Tuesday, August 24, 2021
If Cars And Houses Could Talk
When I was in the auto business I sold a car to a man that traded in a thirty year old car. We talked as I completed the necessary paperwork. He proudly spoke of his seven children. Six boys and one girl. The boys had all completed technical training and had good jobs. The daughter was a teacher.
We completed the paperwork and after explaining some of the cars options, I returned to the office as he was backing out. Five or ten minutes had passed and I looked out on the lot and saw that the customer had driven around the the back of the lot where his old car was parked. He was just standing there , looking at his old car. I walked out, thinking he had left something . I asked if he needed something else , but he just smiled and shook his head. He turned to me and with a far away look in his eyes, said “If that car could talk”.
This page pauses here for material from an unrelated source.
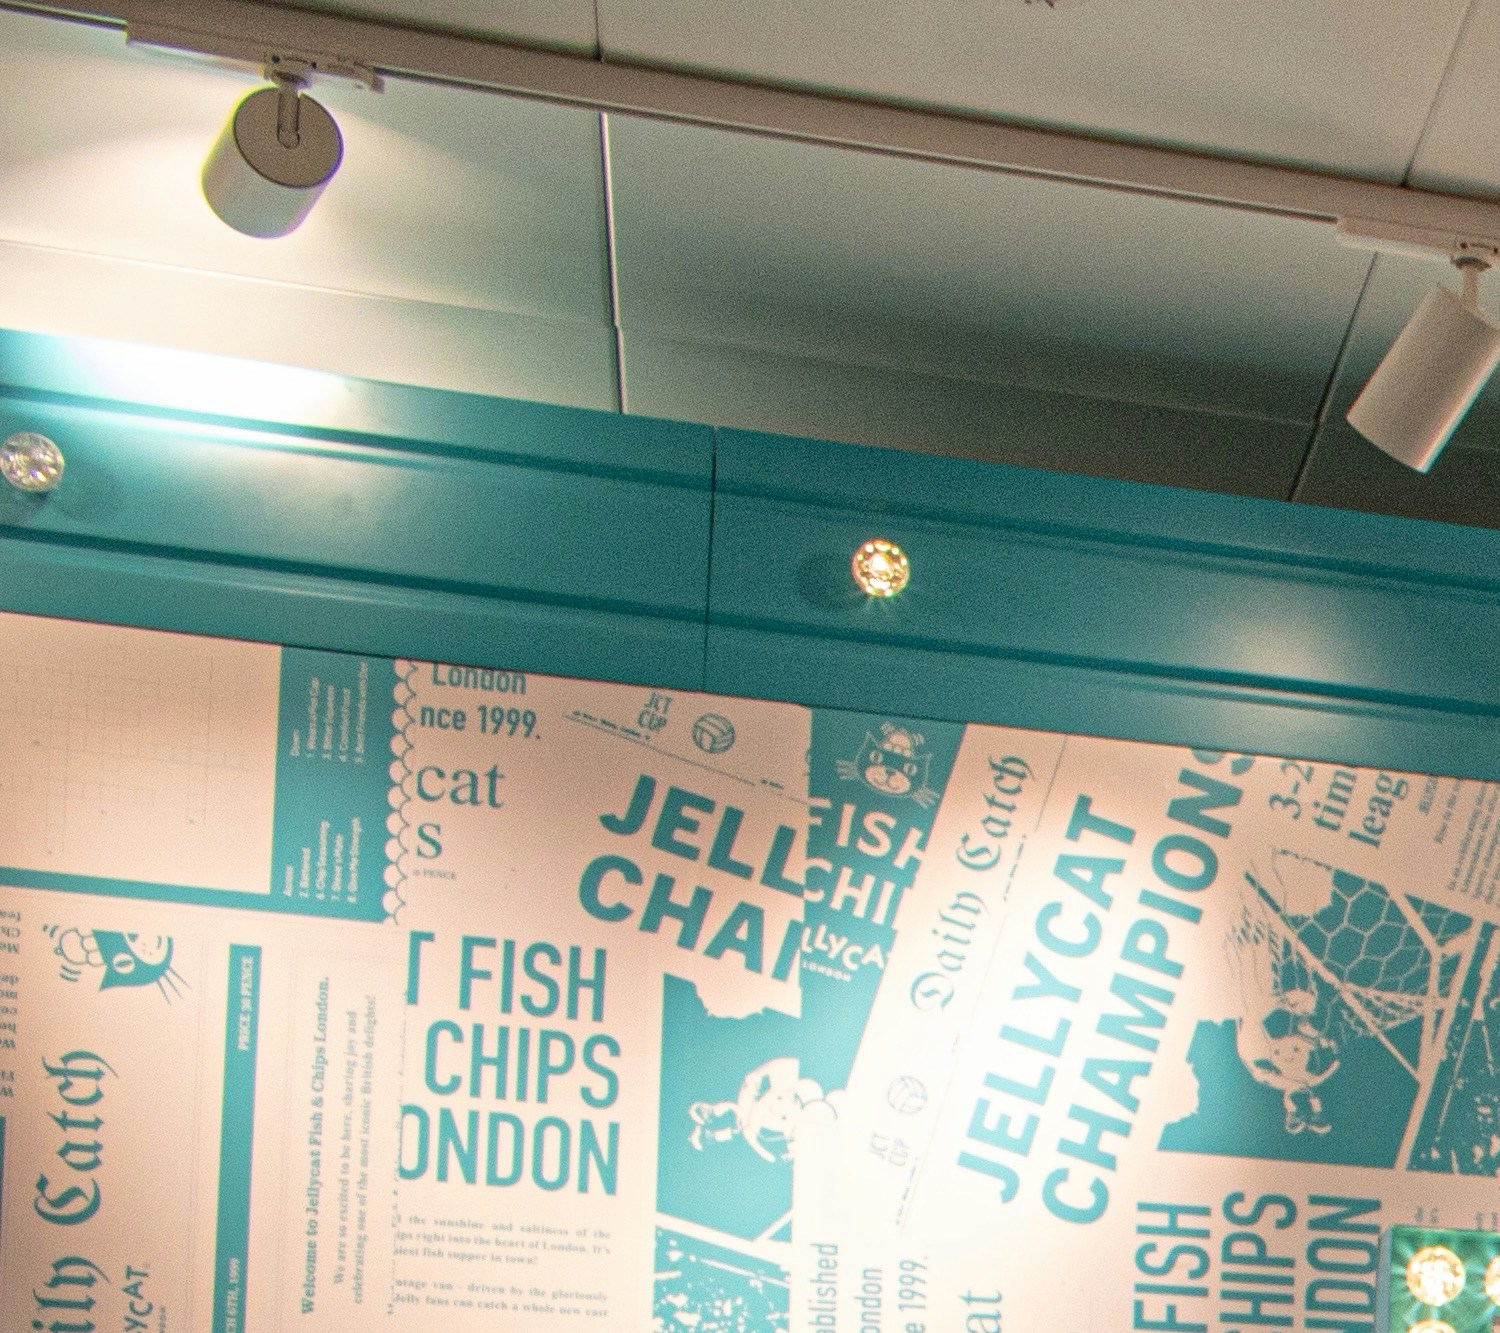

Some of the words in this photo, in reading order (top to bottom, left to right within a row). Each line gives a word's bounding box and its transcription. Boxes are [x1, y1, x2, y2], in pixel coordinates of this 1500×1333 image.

We are in Italy now and everywhere we go we see the remains of old houses . Many are hundreds of years old. When ever I see them I find myself thinking the same thing the old customer had said. “If those old houses could talk”
“What A Buy!”
Years ago when we lived in Houston, we owned some rental properties. Some furnished appliances needed replacing and I had been searching around for the least expensive I could find. It turned out that Western Auto was the answer. I had shopped their store and had picked out the range and refrigerator that I was going to buy. I planned to pick them up first thing Saturday morning. Saturday morning arrived and as I enjoyed my espresso coffee, I checked out the want adds to see if I could maybe find some better deals. To my surprise, there was a large ad that announced , “ Appliance scratch and dent auction for Western Auto”. Wow! , I thought, lucky me that I checked out the want adds. The auction was taking place near our apartments so it would be very convenient and I could save some money to.
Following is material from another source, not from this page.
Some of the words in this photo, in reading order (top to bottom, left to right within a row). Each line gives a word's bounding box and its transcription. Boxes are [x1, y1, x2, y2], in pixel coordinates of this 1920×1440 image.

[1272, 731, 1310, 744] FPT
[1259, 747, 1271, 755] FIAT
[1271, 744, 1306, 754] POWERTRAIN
There was a big crowd at the auction and there we hundreds off appliances there to be auctioned. I signed up and got my bidding tag and went to see if they had the same models I had picked out at the store. They had at least ten of both. Some looked like they had been dropped off a two story building and others had just small corner dents. I wrote down the item numbers and waited for the auction to begin.
They started with refrigerators and the one I was interested in was about the tenth. I started the bidding far below the store price and the auctioneer took my bid. Immediately others started bidding and the frige sold for seventy-five dollars more than the in store new price. I bid on the second and the same thing happened. Each time a bidder “won”a bid the auctioneer said loudly, “What a buy!”. I stepped back from the crowd and quickly saw that two guys in the group were bidding everything up. I left, and went to the store and purchased the frige and range new.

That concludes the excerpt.